Liberals prepare to end teachers’ dispute
Legislation in the works to end dispute without negotiated settlement
VICTORIA — Education Minister George Abbott has asked his staff to prepare legislation that would end a labour dispute with teachers, after a ministry fact-finder determined there is no hope of reaching a settlement.
“A freely negotiated collective agreement is an impossibility,” Abbott said Thursday.
He said staff will work on the legislation this weekend.
“I will be moving as quickly as I can on this,” the minister said.
A senior B.C. government bureaucrat says a negotiated deal with the B.C. Teachers Federation is “very unlikely.”
Trevor Hughes, assistant deputy minister of industrial relations, issued his report to Labour Minister Margaret Macdiarmid on Thursday morning.
“Despite almost one year of negotiations and more than 75 face to face sessions, the parties have not been able to narrow the outstanding issues,” the government said in a news release.
Abbott will use the report to determine the Liberal government’s next move.

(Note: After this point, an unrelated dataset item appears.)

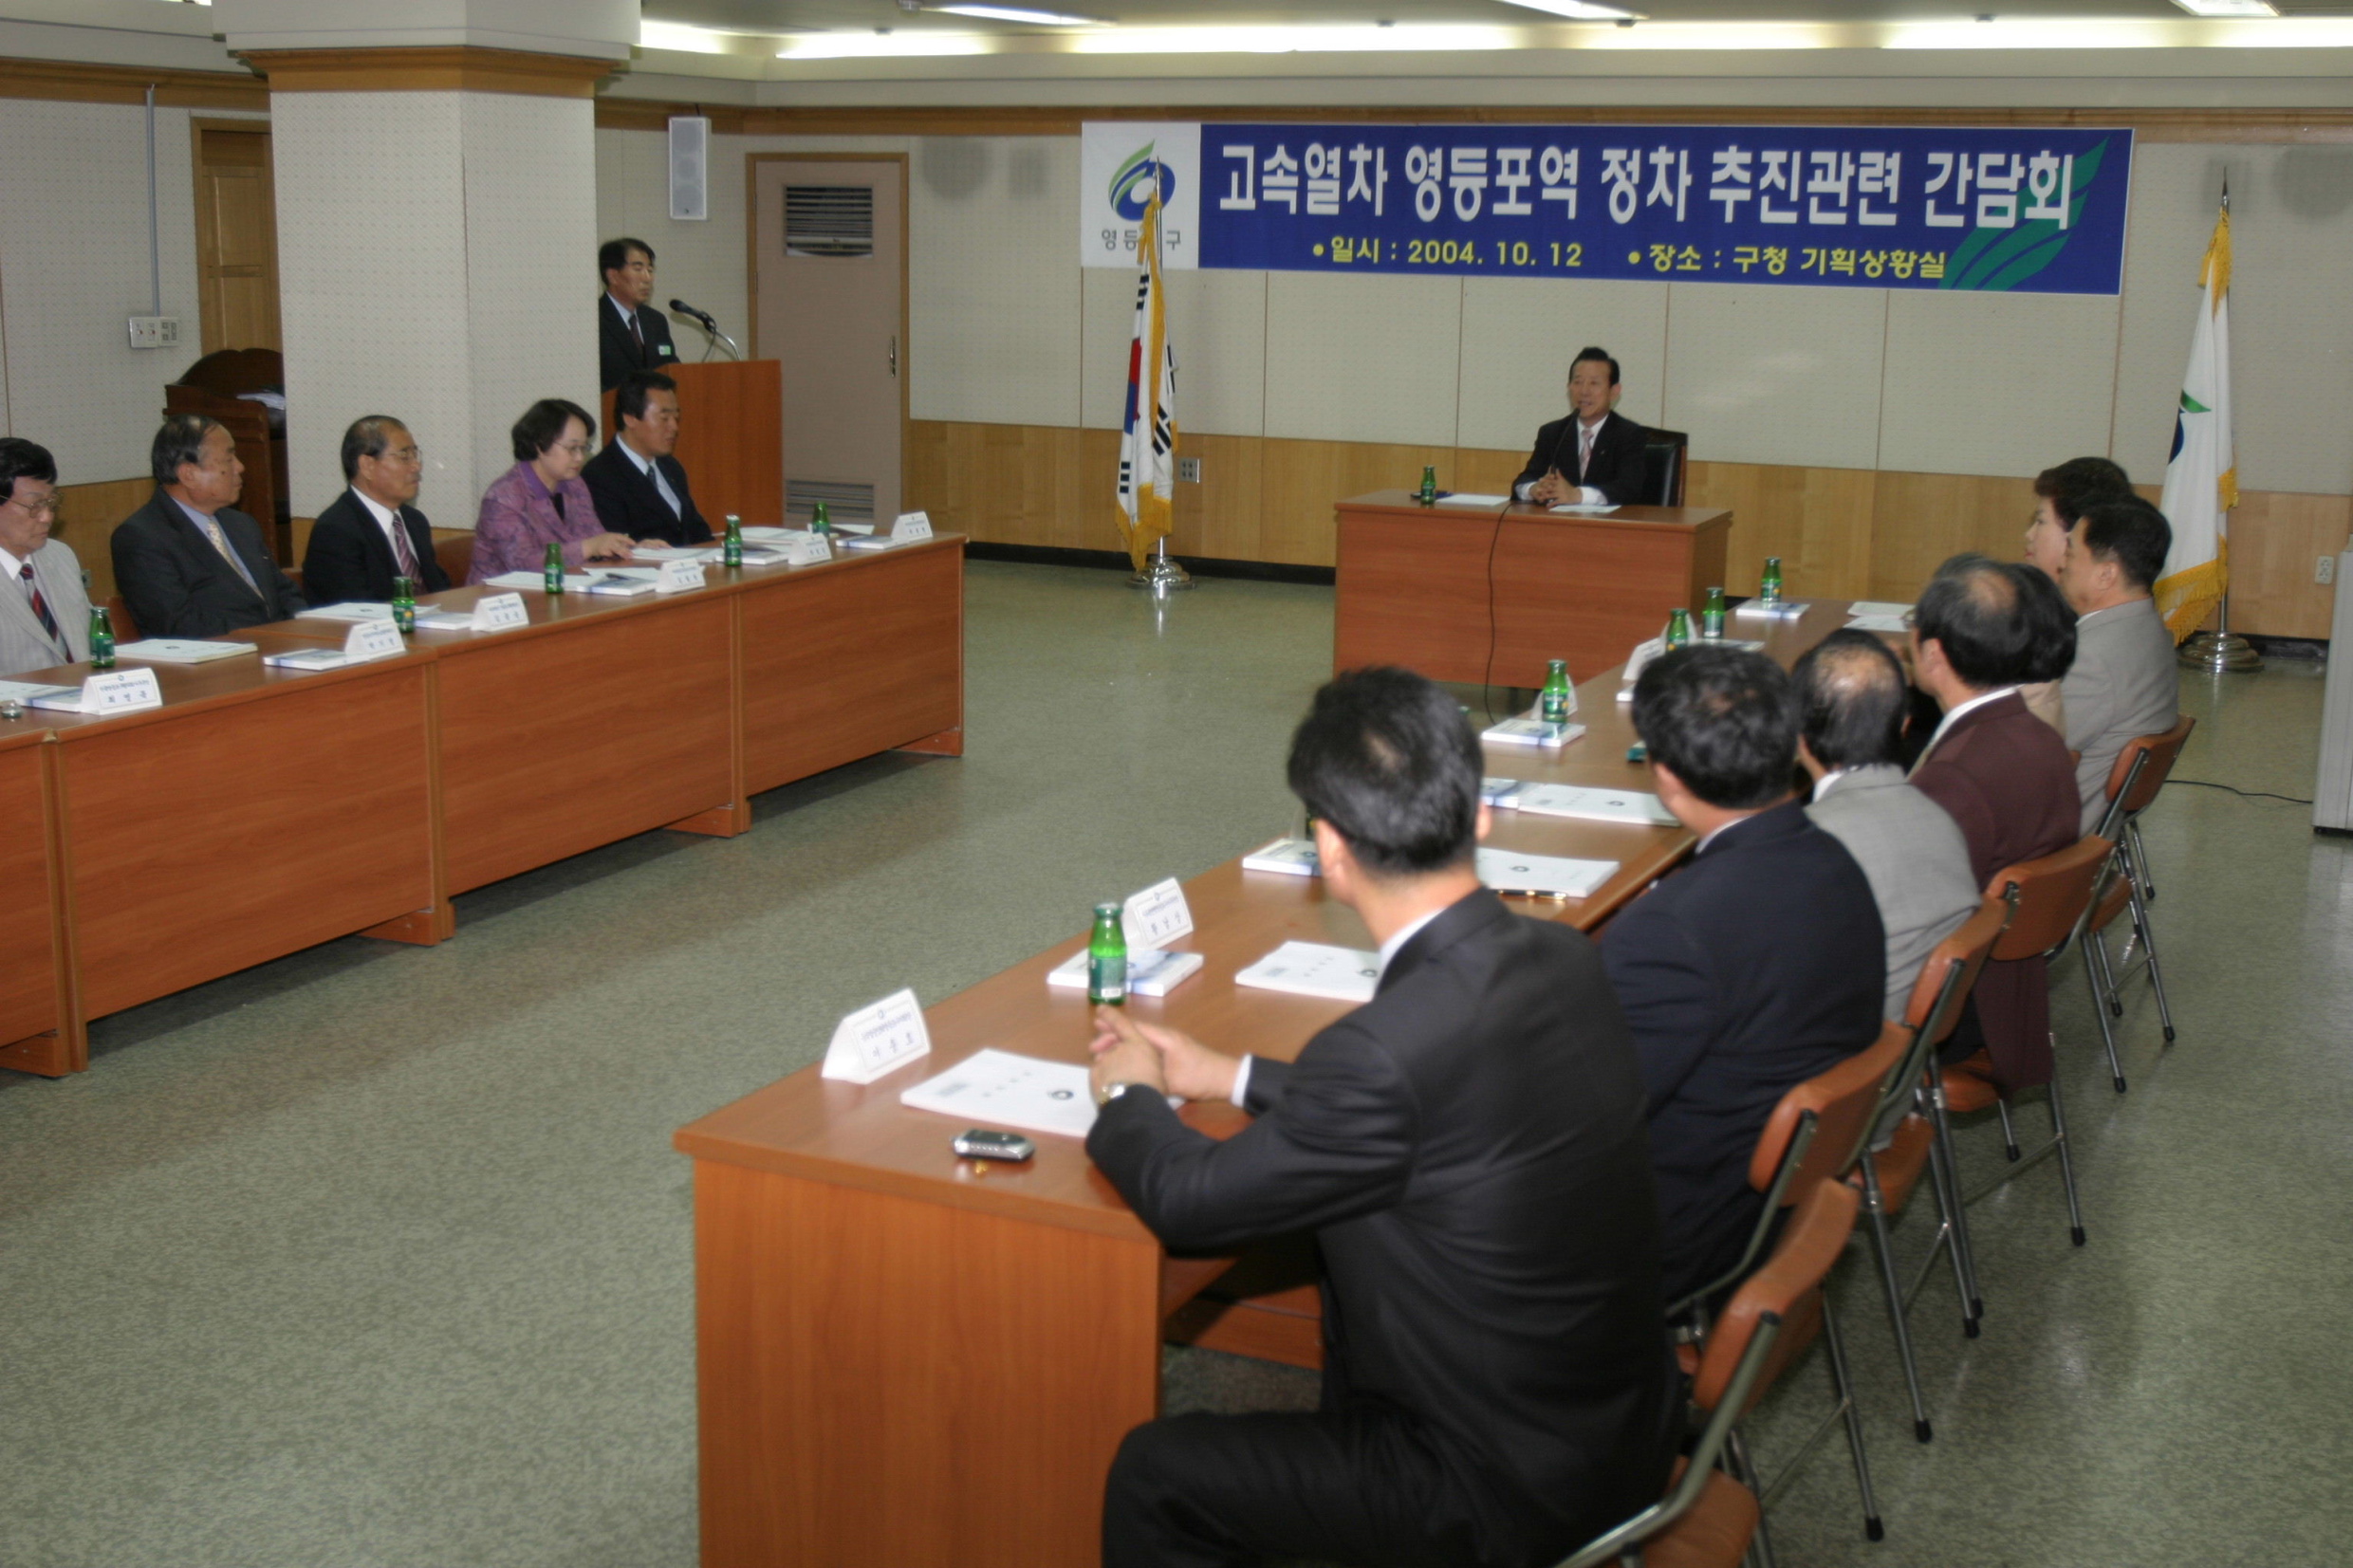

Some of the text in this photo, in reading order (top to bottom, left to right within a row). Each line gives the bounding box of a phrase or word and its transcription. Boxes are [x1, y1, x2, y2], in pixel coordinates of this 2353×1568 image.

He requested the report on Feb. 9 after dismissing teachers’ demands for a 15-per-cent pay increase over three years.
The union’s demands violated the provincial government’s “netzero mandate,” which says publicsector employees can only get a wage increase if they find savings elsewhere in their contracts, Abbott said.
The teachers’ federation, which represents 41,000 teachers across the province, has been without a contract since last June.